[Records contained in a dataset]
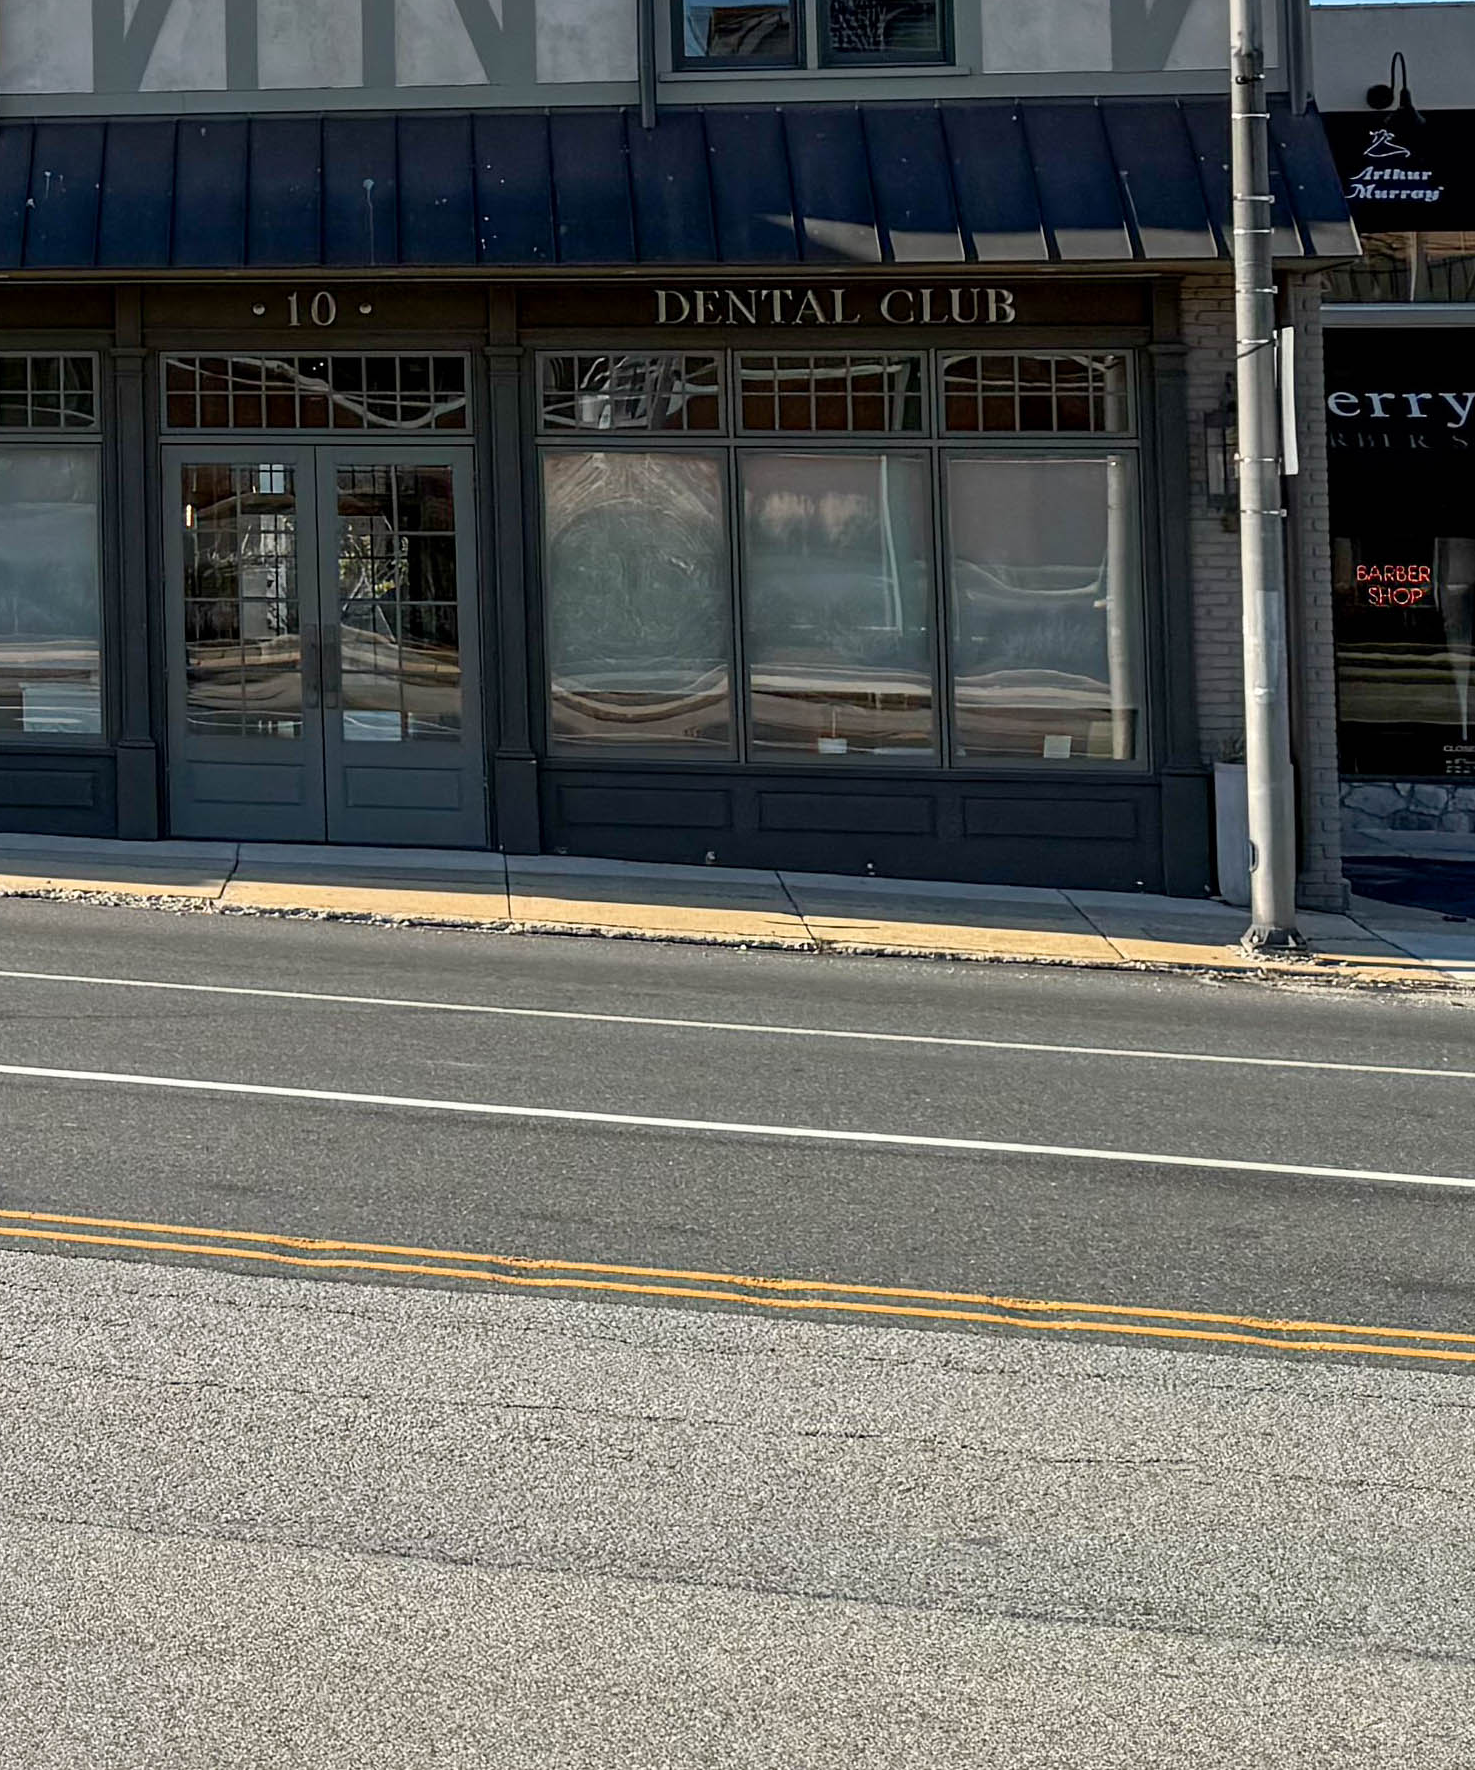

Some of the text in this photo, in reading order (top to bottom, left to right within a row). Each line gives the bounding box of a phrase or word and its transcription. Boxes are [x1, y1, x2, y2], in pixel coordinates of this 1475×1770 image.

[1349, 166, 1432, 180] Arthur
[1344, 184, 1440, 202] Murray
[287, 291, 337, 327] 10
[654, 288, 1016, 325] DENTAL CLUB
[1356, 565, 1431, 582] BARBER
[1368, 587, 1424, 605] SHOP

▶ [What to do]
What is needed is an exact copy of the records above, with no pictures in it.

▶ [Solution to the exercise]
Some of the text in this photo, in reading order (top to bottom, left to right within a row). Each line gives the bounding box of a phrase or word and its transcription. Boxes are [x1, y1, x2, y2], in pixel coordinates of this 1475×1770 image.

[1349, 166, 1432, 180] Arthur
[1344, 184, 1440, 202] Murray
[287, 291, 337, 327] 10
[654, 288, 1016, 325] DENTAL CLUB
[1356, 565, 1431, 582] BARBER
[1368, 587, 1424, 605] SHOP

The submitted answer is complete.